(Source information):
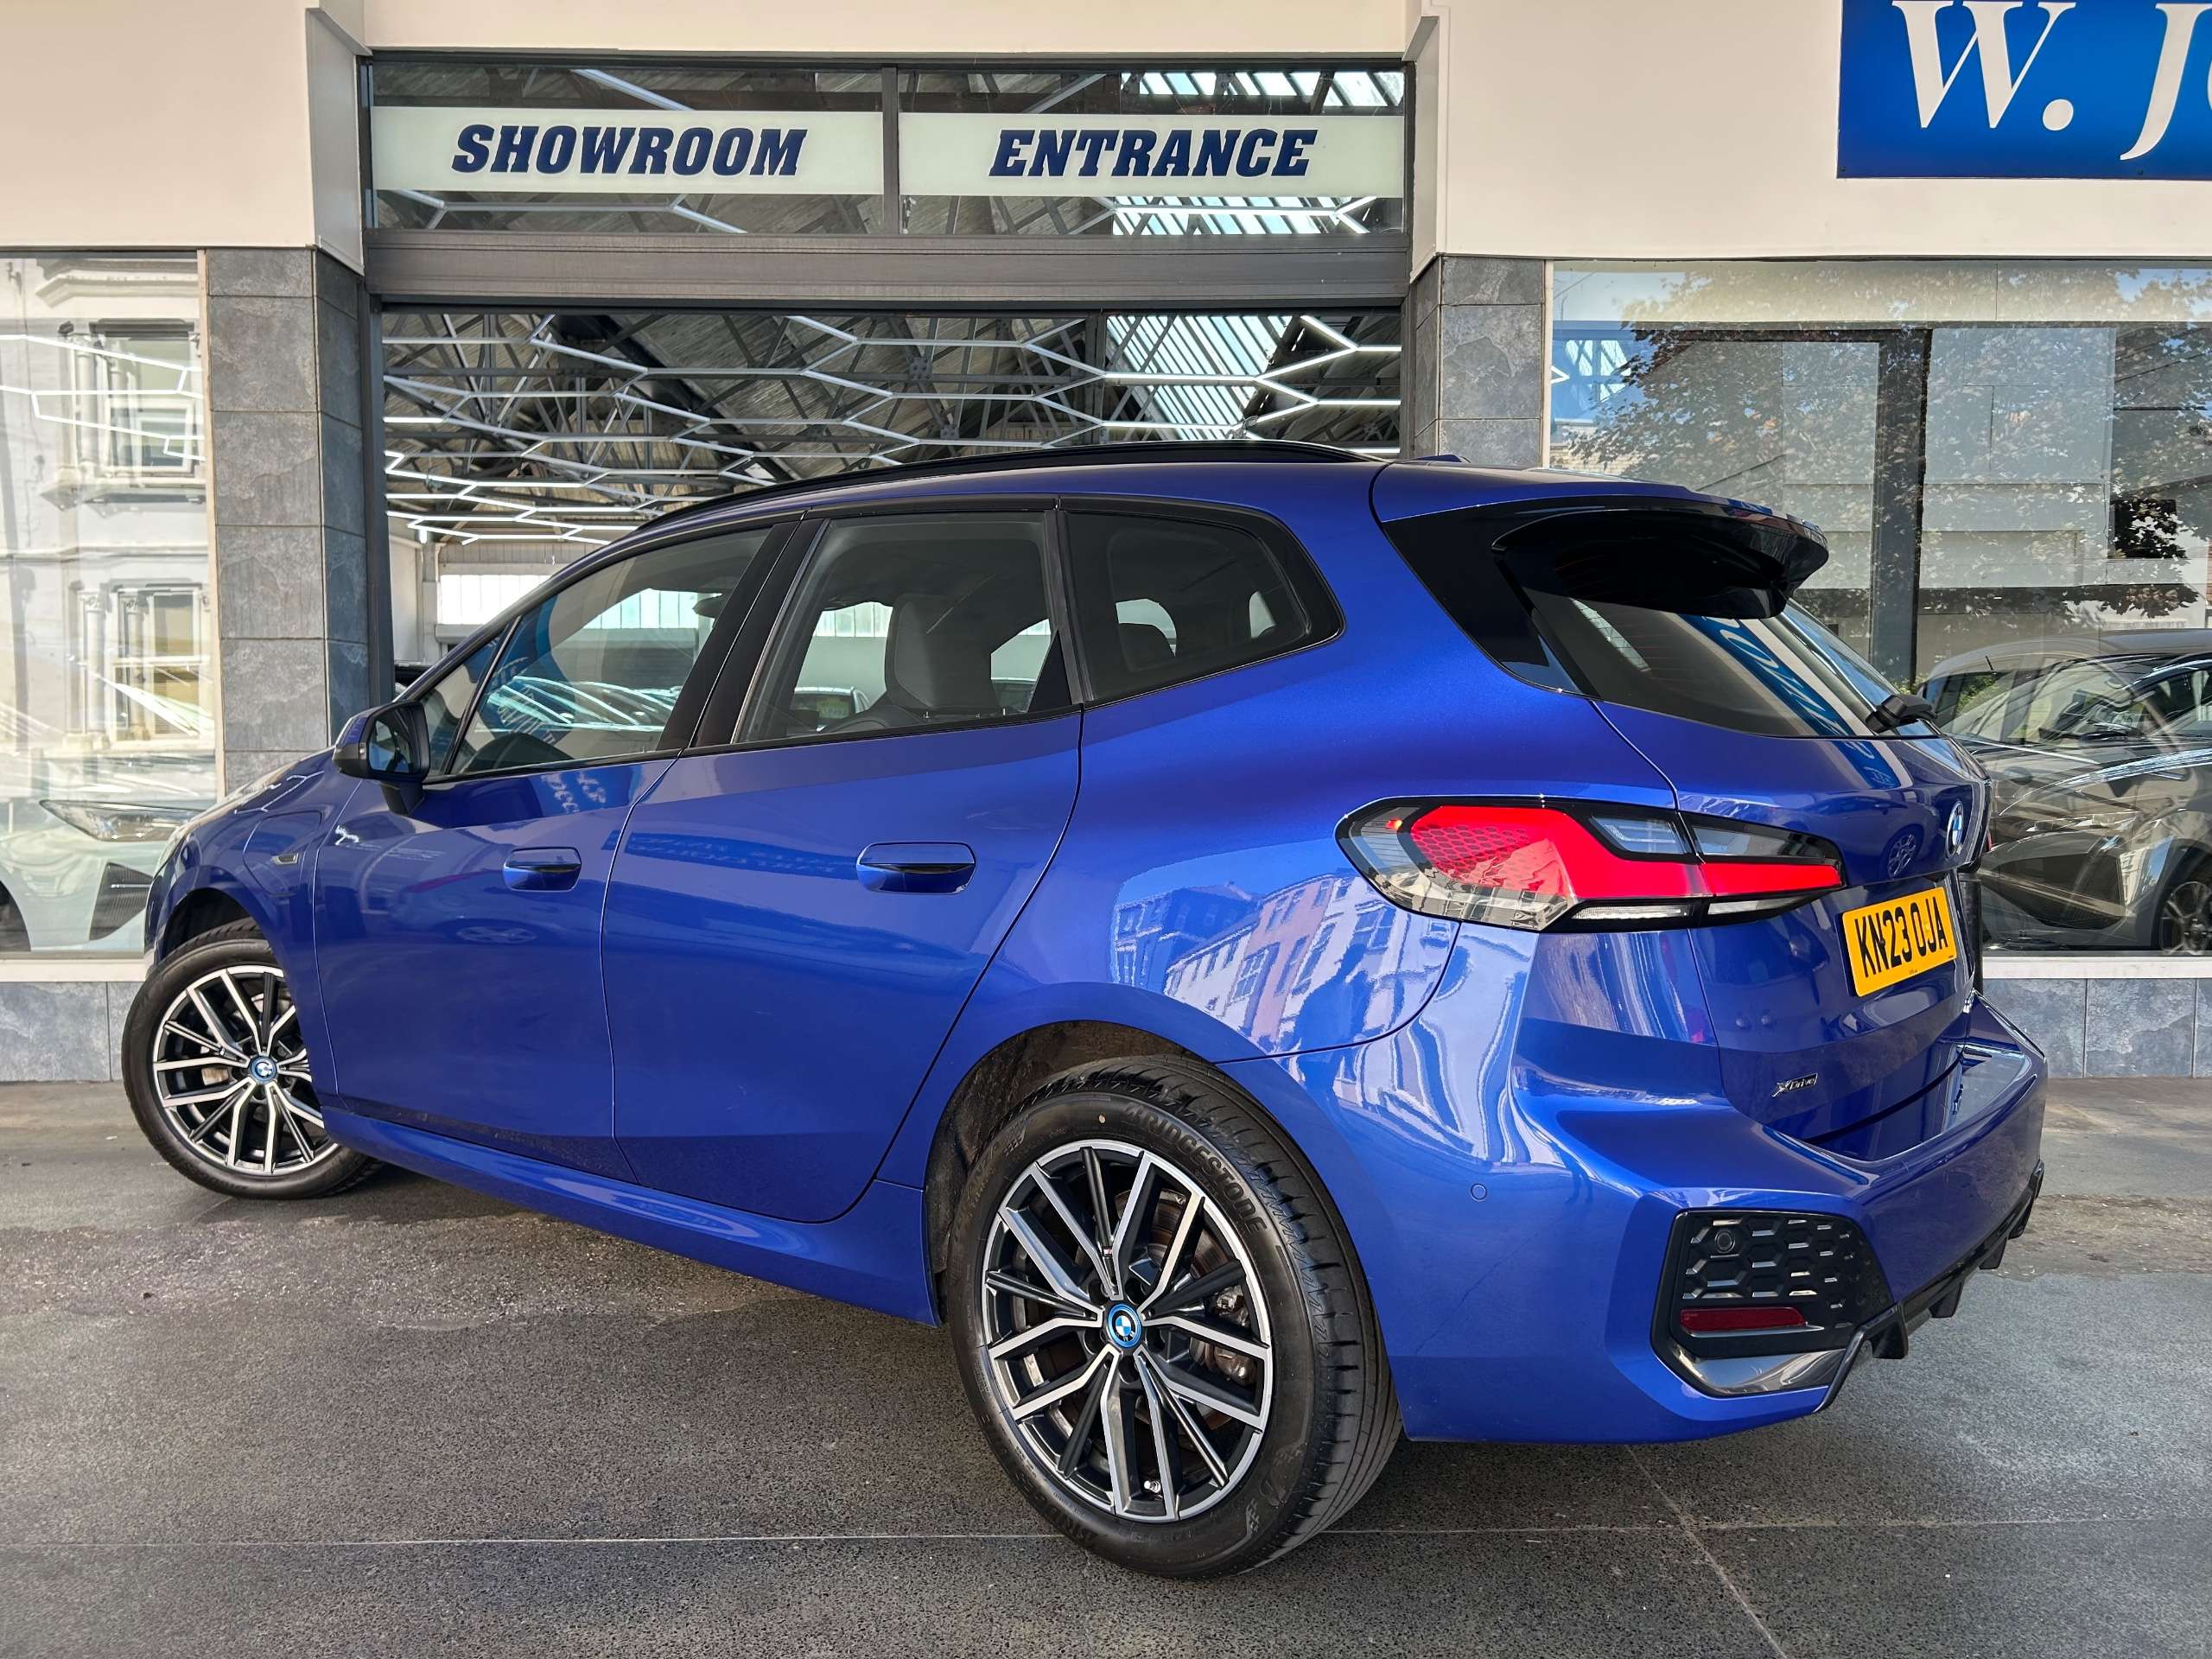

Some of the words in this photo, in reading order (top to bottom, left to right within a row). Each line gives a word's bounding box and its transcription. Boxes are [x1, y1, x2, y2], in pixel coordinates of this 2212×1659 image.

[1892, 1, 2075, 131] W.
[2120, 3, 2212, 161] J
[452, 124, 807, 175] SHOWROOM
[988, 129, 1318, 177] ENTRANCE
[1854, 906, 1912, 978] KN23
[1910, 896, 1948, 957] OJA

(Exercise directions):
Could you reproduce all of the data above exactly and skip any image?

(Answer for this exercise):
Some of the words in this photo, in reading order (top to bottom, left to right within a row). Each line gives a word's bounding box and its transcription. Boxes are [x1, y1, x2, y2], in pixel coordinates of this 2212×1659 image.

[1892, 1, 2075, 131] W.
[2120, 3, 2212, 161] J
[452, 124, 807, 175] SHOWROOM
[988, 129, 1318, 177] ENTRANCE
[1854, 906, 1912, 978] KN23
[1910, 896, 1948, 957] OJA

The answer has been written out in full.